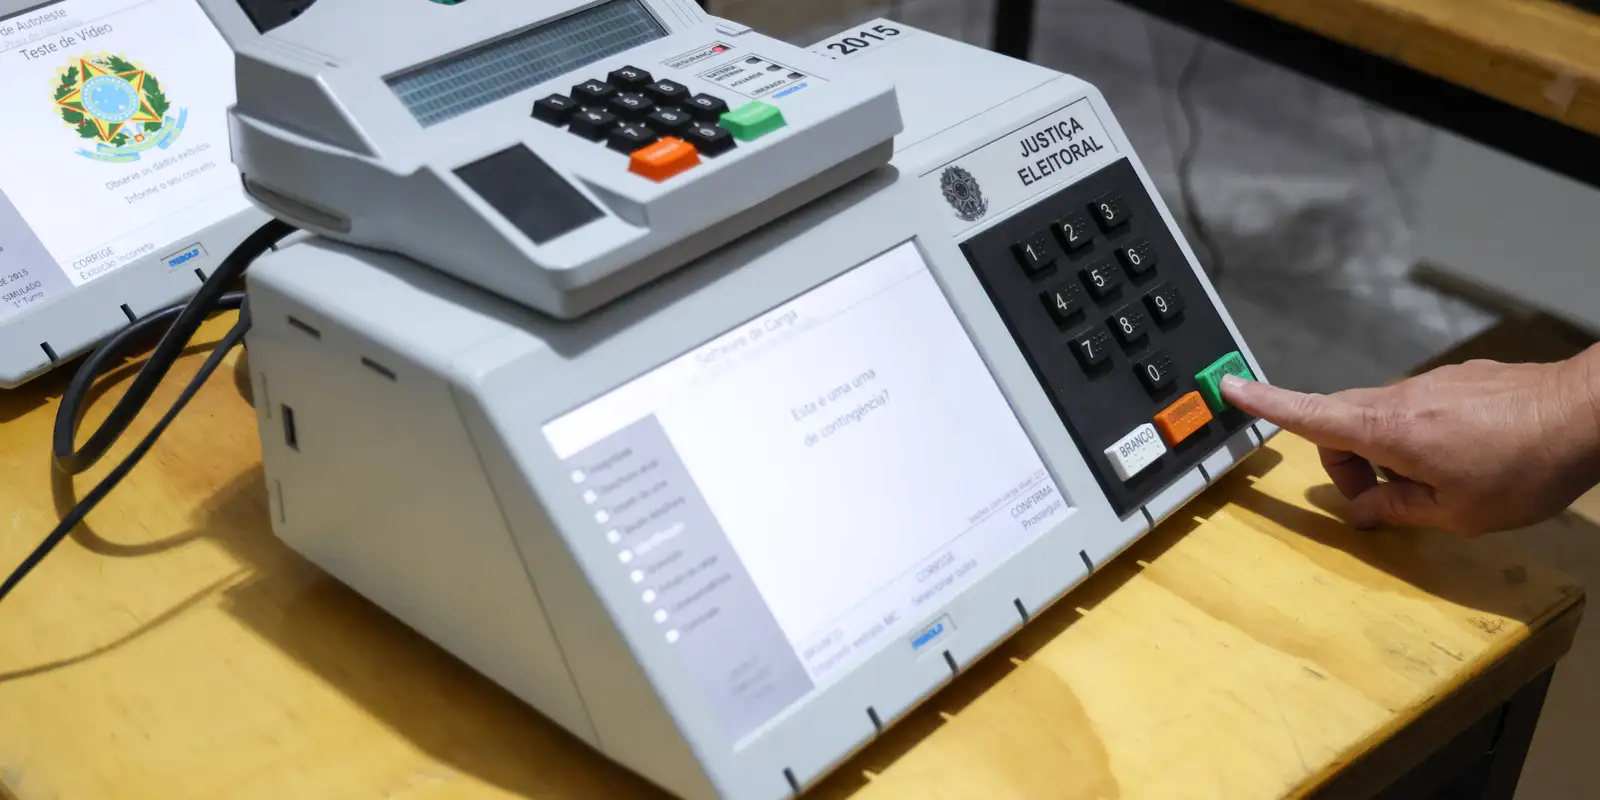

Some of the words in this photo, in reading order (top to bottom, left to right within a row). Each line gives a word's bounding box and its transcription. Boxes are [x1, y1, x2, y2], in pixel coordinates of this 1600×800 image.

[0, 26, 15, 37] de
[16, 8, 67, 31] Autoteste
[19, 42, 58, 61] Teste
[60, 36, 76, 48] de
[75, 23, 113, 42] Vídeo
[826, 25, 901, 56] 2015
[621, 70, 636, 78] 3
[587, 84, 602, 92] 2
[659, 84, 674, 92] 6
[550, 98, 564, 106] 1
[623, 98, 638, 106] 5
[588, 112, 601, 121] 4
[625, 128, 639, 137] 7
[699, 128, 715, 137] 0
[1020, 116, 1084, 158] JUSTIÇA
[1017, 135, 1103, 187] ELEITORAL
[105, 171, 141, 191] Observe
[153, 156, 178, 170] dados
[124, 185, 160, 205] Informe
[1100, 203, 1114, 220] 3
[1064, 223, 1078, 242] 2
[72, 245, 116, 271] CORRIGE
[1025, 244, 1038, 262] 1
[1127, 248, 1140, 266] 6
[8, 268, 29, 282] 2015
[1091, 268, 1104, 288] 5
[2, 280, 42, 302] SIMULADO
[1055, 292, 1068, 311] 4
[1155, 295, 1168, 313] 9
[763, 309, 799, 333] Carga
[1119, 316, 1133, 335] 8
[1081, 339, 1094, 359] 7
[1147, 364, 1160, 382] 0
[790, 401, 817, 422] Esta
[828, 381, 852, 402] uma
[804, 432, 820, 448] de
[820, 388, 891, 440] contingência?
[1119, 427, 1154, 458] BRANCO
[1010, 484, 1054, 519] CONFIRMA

==============================

§ **EXERCISE AIM**
Whenever a line holds a picture, print that line without the picture. All other data must be output exactly.

§ **RESULT FOR THIS EXERCISE**
Some of the words in this photo, in reading order (top to bottom, left to right within a row). Each line gives a word's bounding box and its transcription. Boxes are [x1, y1, x2, y2], in pixel coordinates of this 1600×800 image.

[0, 26, 15, 37] de
[16, 8, 67, 31] Autoteste
[19, 42, 58, 61] Teste
[60, 36, 76, 48] de
[75, 23, 113, 42] Vídeo
[826, 25, 901, 56] 2015
[621, 70, 636, 78] 3
[587, 84, 602, 92] 2
[659, 84, 674, 92] 6
[550, 98, 564, 106] 1
[623, 98, 638, 106] 5
[588, 112, 601, 121] 4
[625, 128, 639, 137] 7
[699, 128, 715, 137] 0
[1020, 116, 1084, 158] JUSTIÇA
[1017, 135, 1103, 187] ELEITORAL
[105, 171, 141, 191] Observe
[153, 156, 178, 170] dados
[124, 185, 160, 205] Informe
[1100, 203, 1114, 220] 3
[1064, 223, 1078, 242] 2
[72, 245, 116, 271] CORRIGE
[1025, 244, 1038, 262] 1
[1127, 248, 1140, 266] 6
[8, 268, 29, 282] 2015
[1091, 268, 1104, 288] 5
[2, 280, 42, 302] SIMULADO
[1055, 292, 1068, 311] 4
[1155, 295, 1168, 313] 9
[763, 309, 799, 333] Carga
[1119, 316, 1133, 335] 8
[1081, 339, 1094, 359] 7
[1147, 364, 1160, 382] 0
[790, 401, 817, 422] Esta
[828, 381, 852, 402] uma
[804, 432, 820, 448] de
[820, 388, 891, 440] contingência?
[1119, 427, 1154, 458] BRANCO
[1010, 484, 1054, 519] CONFIRMA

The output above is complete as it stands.